Moreover, it provides a constant-velocity joint for a propeller
shaft that is higher in durability and the temperature-rise
suppressing effect than the grease not containing components (c),
(d), (e) and (f).
BRIEF DESCRIPTION OF THE DRAWINGS
[0029] FIG. 1 is a vertical sectional view of a cross-groove type
constant-velocity joint;
[0030] FIG. 2 is a plan view of the same;
[0031] FIG. 3 is an enlarged sectional view showing how the balls
are mounted in the grooves; and
[0032] FIG. 4 is a graph showing the relationship between the
preload and the peak temperature.
DETAILED DESCRIPTION OF THE PREFERRED EMBODIMENT
[0033] The constant-velocity joint for a propeller shaft embodying
the present invention will be described with reference to the
accompanying drawings.
[0034] As shown in FIGS. 1-3, the constant-velocity joint for a
propeller shaft of the embodiment is a cross-groove type joint in
which balls 5 as the rolling elements are mounted in grooves formed
in the joint with a PCD clearance. A grease containing the
below-described components as essential components is sealed in the
joint.
[0035] As shown in FIGS. 1 and 2, in the cross-groove type
constant-velocity joint embodying the present invention, a
plurality of grooves are formed in the outer peripheral surface of
an inner ring 1 and the opposing inner peripheral surface of the
outer ring 2. The grooves 3 of the inner ring 1 and the grooves 4
of the outer ring 2 are formed in such directions as to cross each
other.
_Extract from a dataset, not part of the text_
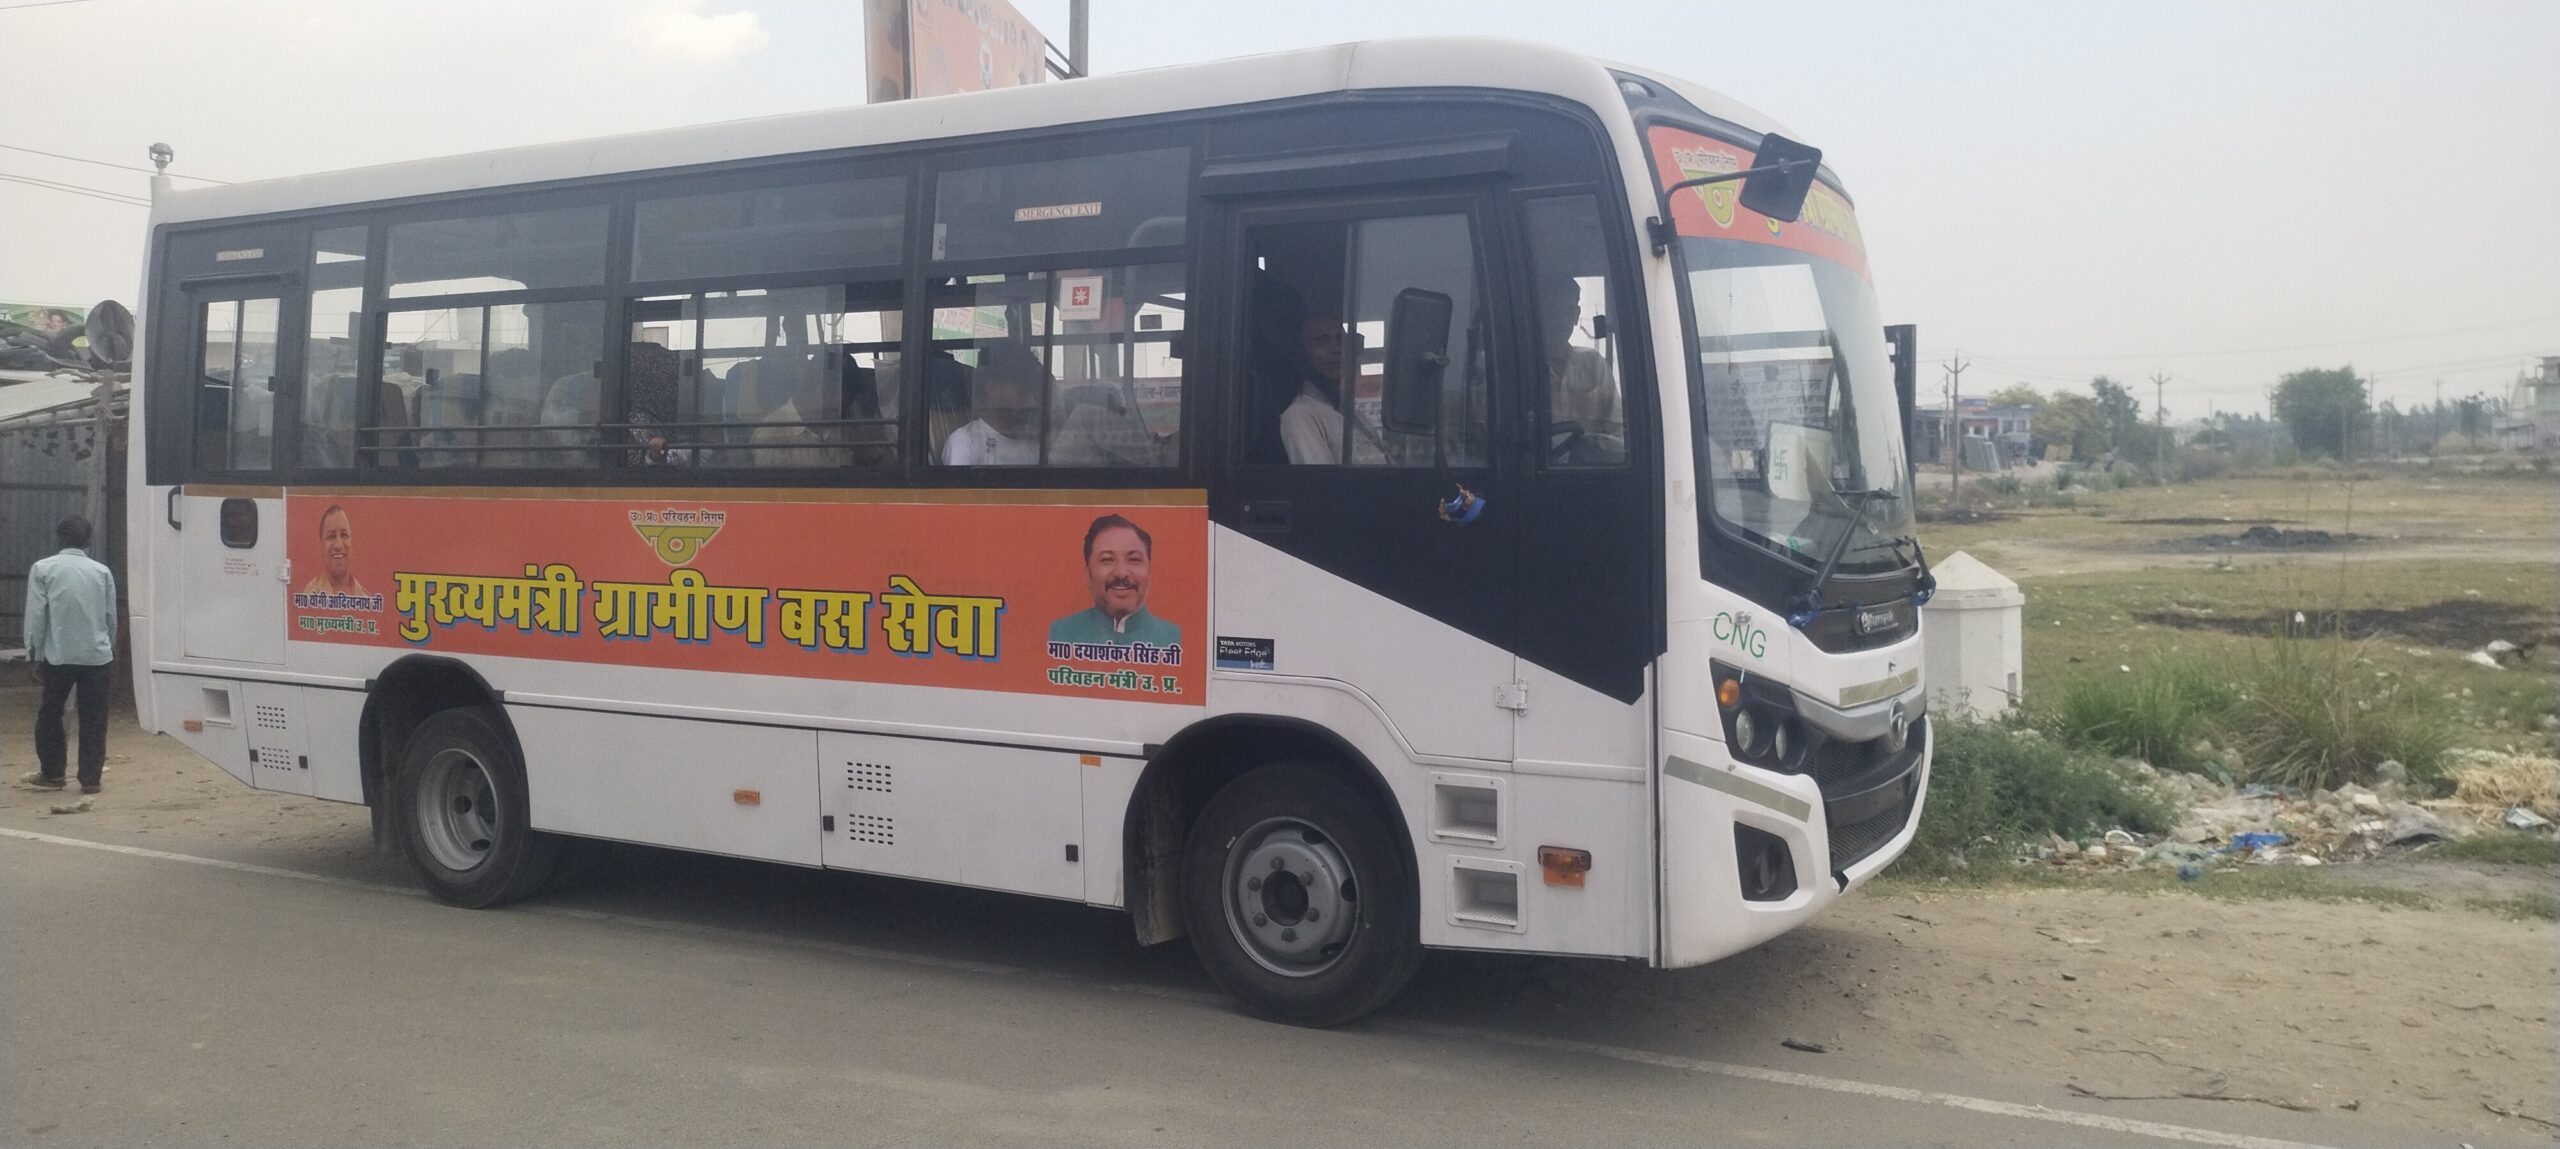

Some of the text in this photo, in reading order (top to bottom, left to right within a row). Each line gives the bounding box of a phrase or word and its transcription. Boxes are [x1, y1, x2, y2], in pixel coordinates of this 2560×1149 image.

The balls 5 are mounted so as to fit in the crossing
portions between the grooves 3 of the inner ring 1 and the grooves
4 of the outer ring 2. The balls 5 are rotatably retained by a
retainer 6.
[0036] As shown in FIG. 3, when a torque T is applied to the inner
ring 1, vertical load P act between the grooves 3 and 4 through the
balls 5. Also, axial loads act on pocket surfaces 7a and 7b of the
retainer 6. They act as slide resistance and bending resistance of
the joint.
[0037] Such a cross-groove type constant-velocity joint is so
designed that there will be no internal clearance. In particular,
ones having such a structure in which the clearance in the pitch
circle direction (PCD) is negative (that is, resiliently compressed
state) and the balls are pressed into the grooves 3, 4 with a
preload applied are often used. In other words, in such a
cross-groove type constant-velocity joint, the balls are pressed
against the groove walls of the joint and resiliently compressed
particularly in the pitch circle direction (PCD).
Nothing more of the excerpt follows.